• Work to complete
Exactly the lines from the one containing "this 1920×1080 image." to the last line of the records, inclusive, are to be transcribed; include no others.
:: Data supplied ::
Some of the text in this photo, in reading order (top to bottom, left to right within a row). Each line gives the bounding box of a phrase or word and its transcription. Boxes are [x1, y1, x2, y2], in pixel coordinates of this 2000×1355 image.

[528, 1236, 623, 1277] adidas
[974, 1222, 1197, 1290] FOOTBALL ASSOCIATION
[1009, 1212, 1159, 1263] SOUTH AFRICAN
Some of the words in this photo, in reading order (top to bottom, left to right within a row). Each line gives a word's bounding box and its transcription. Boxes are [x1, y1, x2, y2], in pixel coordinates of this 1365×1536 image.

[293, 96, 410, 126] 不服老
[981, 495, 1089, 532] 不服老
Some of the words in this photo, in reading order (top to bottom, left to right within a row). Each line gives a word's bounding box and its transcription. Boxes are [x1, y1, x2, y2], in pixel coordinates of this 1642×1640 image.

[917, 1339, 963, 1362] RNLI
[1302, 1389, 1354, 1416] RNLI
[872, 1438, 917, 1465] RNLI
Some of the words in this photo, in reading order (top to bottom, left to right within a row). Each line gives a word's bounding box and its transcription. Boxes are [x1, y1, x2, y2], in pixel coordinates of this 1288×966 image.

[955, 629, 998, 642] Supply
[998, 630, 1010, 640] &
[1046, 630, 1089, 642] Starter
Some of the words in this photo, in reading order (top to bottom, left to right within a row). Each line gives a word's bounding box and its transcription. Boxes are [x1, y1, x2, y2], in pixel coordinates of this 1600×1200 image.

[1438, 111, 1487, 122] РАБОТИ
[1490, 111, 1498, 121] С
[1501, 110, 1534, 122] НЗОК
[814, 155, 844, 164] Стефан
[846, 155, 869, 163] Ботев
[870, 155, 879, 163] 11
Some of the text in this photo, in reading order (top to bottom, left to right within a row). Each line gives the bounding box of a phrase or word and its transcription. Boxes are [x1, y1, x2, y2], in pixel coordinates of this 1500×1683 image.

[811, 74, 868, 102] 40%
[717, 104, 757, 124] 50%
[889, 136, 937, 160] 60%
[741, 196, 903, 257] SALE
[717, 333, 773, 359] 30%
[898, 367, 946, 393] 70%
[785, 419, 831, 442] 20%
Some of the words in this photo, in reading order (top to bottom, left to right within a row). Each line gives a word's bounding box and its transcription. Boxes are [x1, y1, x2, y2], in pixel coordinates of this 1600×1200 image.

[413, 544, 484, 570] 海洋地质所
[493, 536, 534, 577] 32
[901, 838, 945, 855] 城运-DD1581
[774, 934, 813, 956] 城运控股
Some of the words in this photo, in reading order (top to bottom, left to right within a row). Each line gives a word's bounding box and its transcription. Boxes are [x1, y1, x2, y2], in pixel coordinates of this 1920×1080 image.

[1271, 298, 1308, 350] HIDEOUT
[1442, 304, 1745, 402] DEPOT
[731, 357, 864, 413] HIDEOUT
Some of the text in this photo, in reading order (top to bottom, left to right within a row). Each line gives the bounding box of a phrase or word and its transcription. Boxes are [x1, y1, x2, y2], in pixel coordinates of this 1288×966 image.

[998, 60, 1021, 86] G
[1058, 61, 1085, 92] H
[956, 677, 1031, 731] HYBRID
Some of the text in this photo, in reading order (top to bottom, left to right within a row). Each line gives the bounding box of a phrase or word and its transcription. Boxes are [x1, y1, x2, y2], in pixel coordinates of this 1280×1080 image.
:::
• Solution
Some of the words in this photo, in reading order (top to bottom, left to right within a row). Each line gives a word's bounding box and its transcription. Boxes are [x1, y1, x2, y2], in pixel coordinates of this 1920×1080 image.

[1271, 298, 1308, 350] HIDEOUT
[1442, 304, 1745, 402] DEPOT
[731, 357, 864, 413] HIDEOUT
Some of the text in this photo, in reading order (top to bottom, left to right within a row). Each line gives the bounding box of a phrase or word and its transcription. Boxes are [x1, y1, x2, y2], in pixel coordinates of this 1288×966 image.

[998, 60, 1021, 86] G
[1058, 61, 1085, 92] H
[956, 677, 1031, 731] HYBRID
Some of the text in this photo, in reading order (top to bottom, left to right within a row). Each line gives the bounding box of a phrase or word and its transcription. Boxes are [x1, y1, x2, y2], in pixel coordinates of this 1280×1080 image.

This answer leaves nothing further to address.